ECLI:NL:RBAMS:2020:3630

Rechtbank Amsterdam

Datum uitspraak
17 juni 2020
Publicatiedatum
23 juli 2020
Zaaknummer
13.741155.18
Instantie
Rechtbank Amsterdam
Type
Uitspraak
Rechtsgebied
Strafrecht
Procedures
  • Mondelinge uitspraak
Vindplaatsen
  • Rechtspraak.nl
AI samenvatting door LexboostAutomatisch gegenereerd

Voortzetting van de ISD-maatregel en beoordeling van klinische opname voor veroordeelde

Op 17 juni 2020 heeft de Rechtbank Amsterdam in een openbare raadkamer de tussentijdse toets van de ISD-maatregel van een veroordeelde behandeld.

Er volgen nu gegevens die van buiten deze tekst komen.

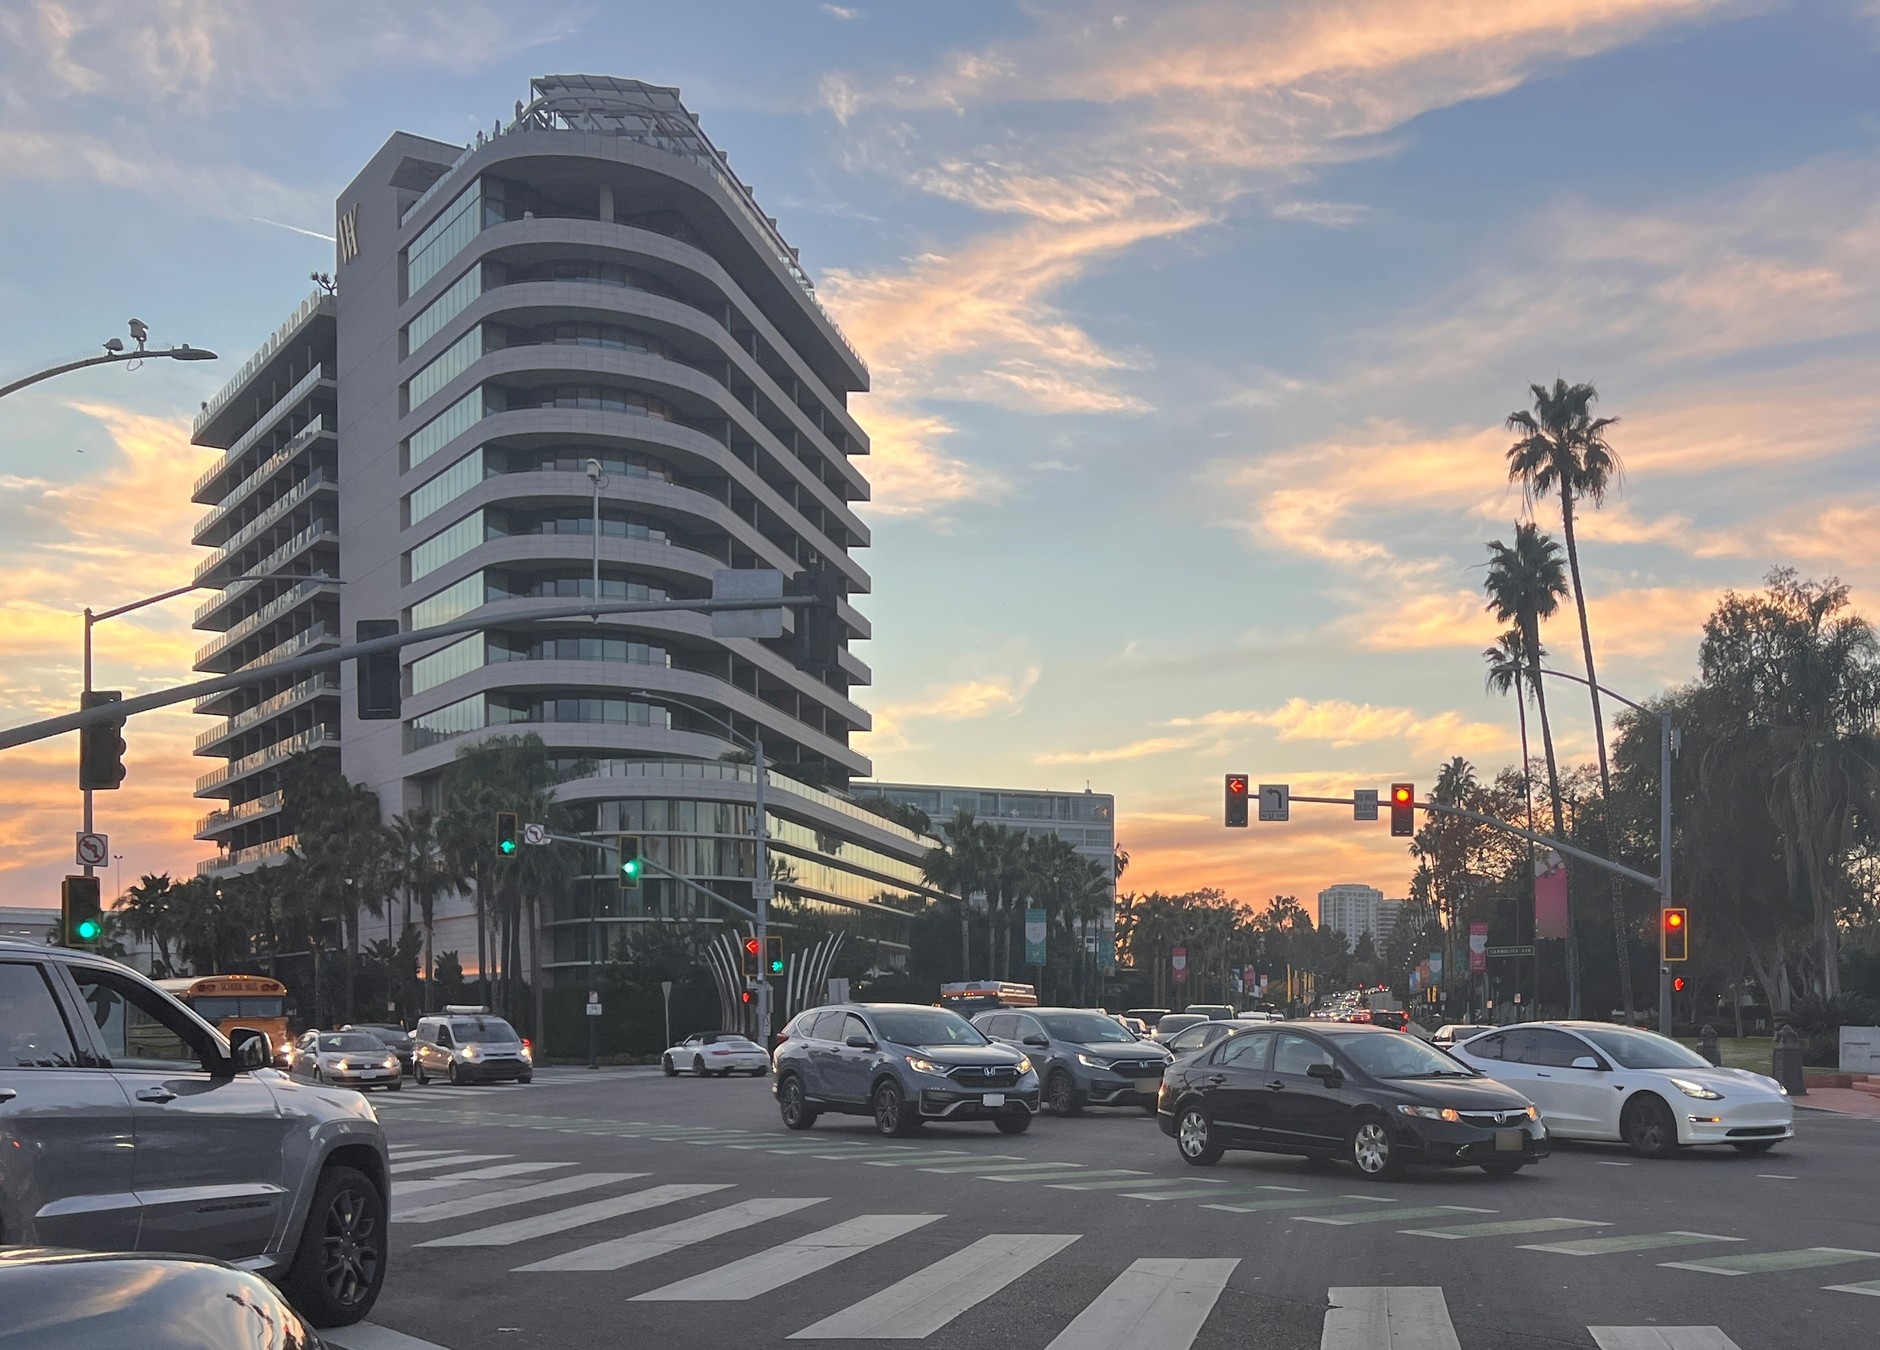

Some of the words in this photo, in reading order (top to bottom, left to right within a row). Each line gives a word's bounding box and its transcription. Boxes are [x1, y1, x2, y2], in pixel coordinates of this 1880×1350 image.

[1365, 793, 1376, 801] NOT
[1356, 803, 1376, 811] BLOCK
[220, 982, 243, 991] SCHOOL
[246, 982, 258, 991] BUS

De ISD-maatregel was op 8 november 2018 opgelegd voor de duur van twee jaar, maar er was tot op dat moment geen klinische behandeling gestart. De officier van justitie, mr. A.E.P.M. Kersten, pleitte voor voortzetting van de maatregel, omdat de veroordeelde te lang zonder behandeling in de inrichting verbleef. De raadsman, mr. R. Polderman, stelde dat de veroordeelde niet zonder een goed onderbouwd plan de inrichting wilde verlaten en dat hij graag behandeld wilde worden in het kader van reclasseringstoezicht.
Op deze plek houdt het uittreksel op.